Réputée antioxydante (entres autres vertus), la grenade est le fruit emblématique des Arméniens, qui symbolise la fertilité et la prospérité. Selon la légende, son épaisse peau rosée recèlerait 365 graines écarlates et pulpeuses (ou arilles), une pour chaque jour de l’année. Pour que leur croquant caractéristique soit préservé, elles s’utilisent plus souvent crues que cuites. Côté accords, la grenade joue la complémentarité avec les agrumes et les fruits exotiques, autres fruits d’hiver. En novembre, Erwan Blanche, de la boulangerie Utopie (Paris XIe), a relevé la douce saveur de ces graines avec un crémeux passion, une gelée mangue-passion et un confit passion, le tout sur une base de sablé reconstitué noisettes : une « bombe de goût et de couleurs », dit-il.

Goût acidulé

Pour la collection de Noël de la pâtisserie levantine Maison Aleph (Paris IVe), Myriam Sabet a créé une bûche marron-grenade, cette dernière apportant fraîcheur et légèreté à l’ensemble.

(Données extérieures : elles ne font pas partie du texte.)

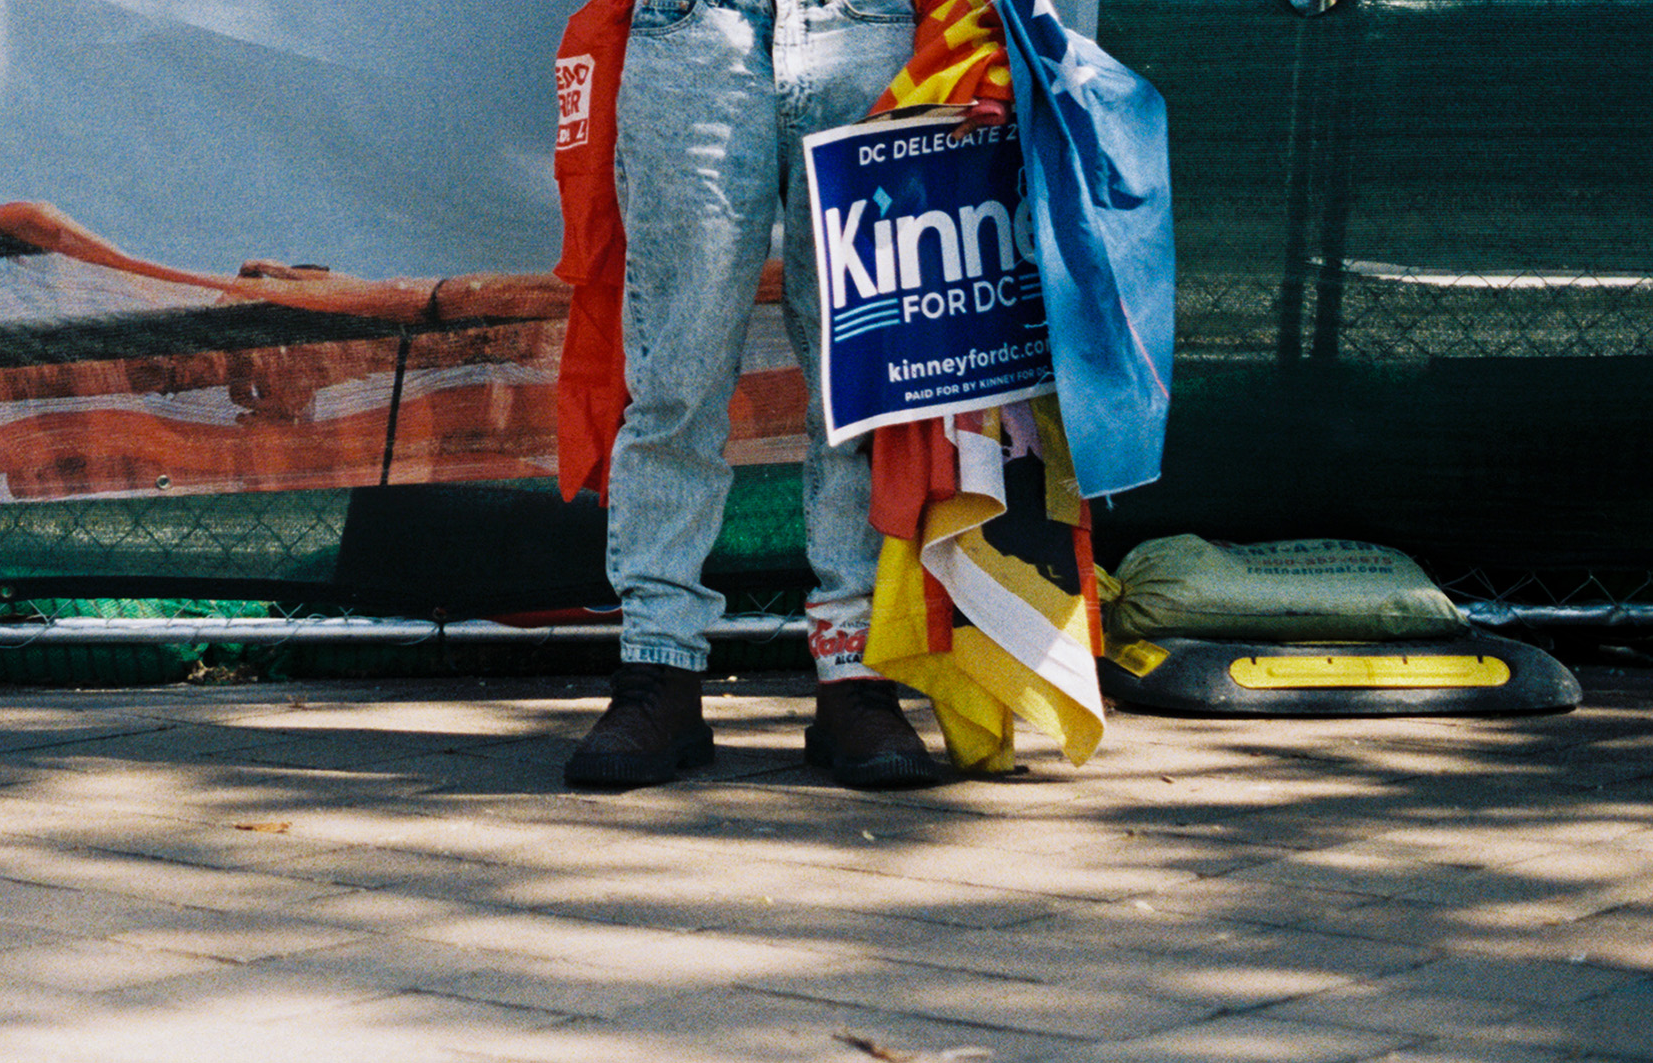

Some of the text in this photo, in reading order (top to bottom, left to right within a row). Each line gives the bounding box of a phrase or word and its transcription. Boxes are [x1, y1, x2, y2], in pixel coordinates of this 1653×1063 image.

[858, 143, 887, 166] DC
[892, 125, 1001, 160] DELEGATE
[902, 275, 1018, 323] FOR DC
[904, 389, 934, 403] PAID
[935, 384, 960, 397] FOR
[962, 381, 977, 392] BY
[979, 373, 1016, 389] KINNEY
[1017, 368, 1035, 381] FOR
[835, 653, 862, 666] ALCA

Au-delà de la pâtisserie, le goût acidulé et le croquant des arilles viennent rehausser les salades végétales (sucrées ou salées), les taboulés et autres bowls. Pour les crèmes, les sorbets et les nappages, la grenade se travaille en jus, en coulis et en mélasse, plus sirupeuse et astringente, cette dernière agrémentant marinades, sauces et vinaigrettes. Quant au fameux sirop de grenadine industriel, il est généralement élaboré à partir de concentrés de fruits rouges… et ne contient pas une once de grenade.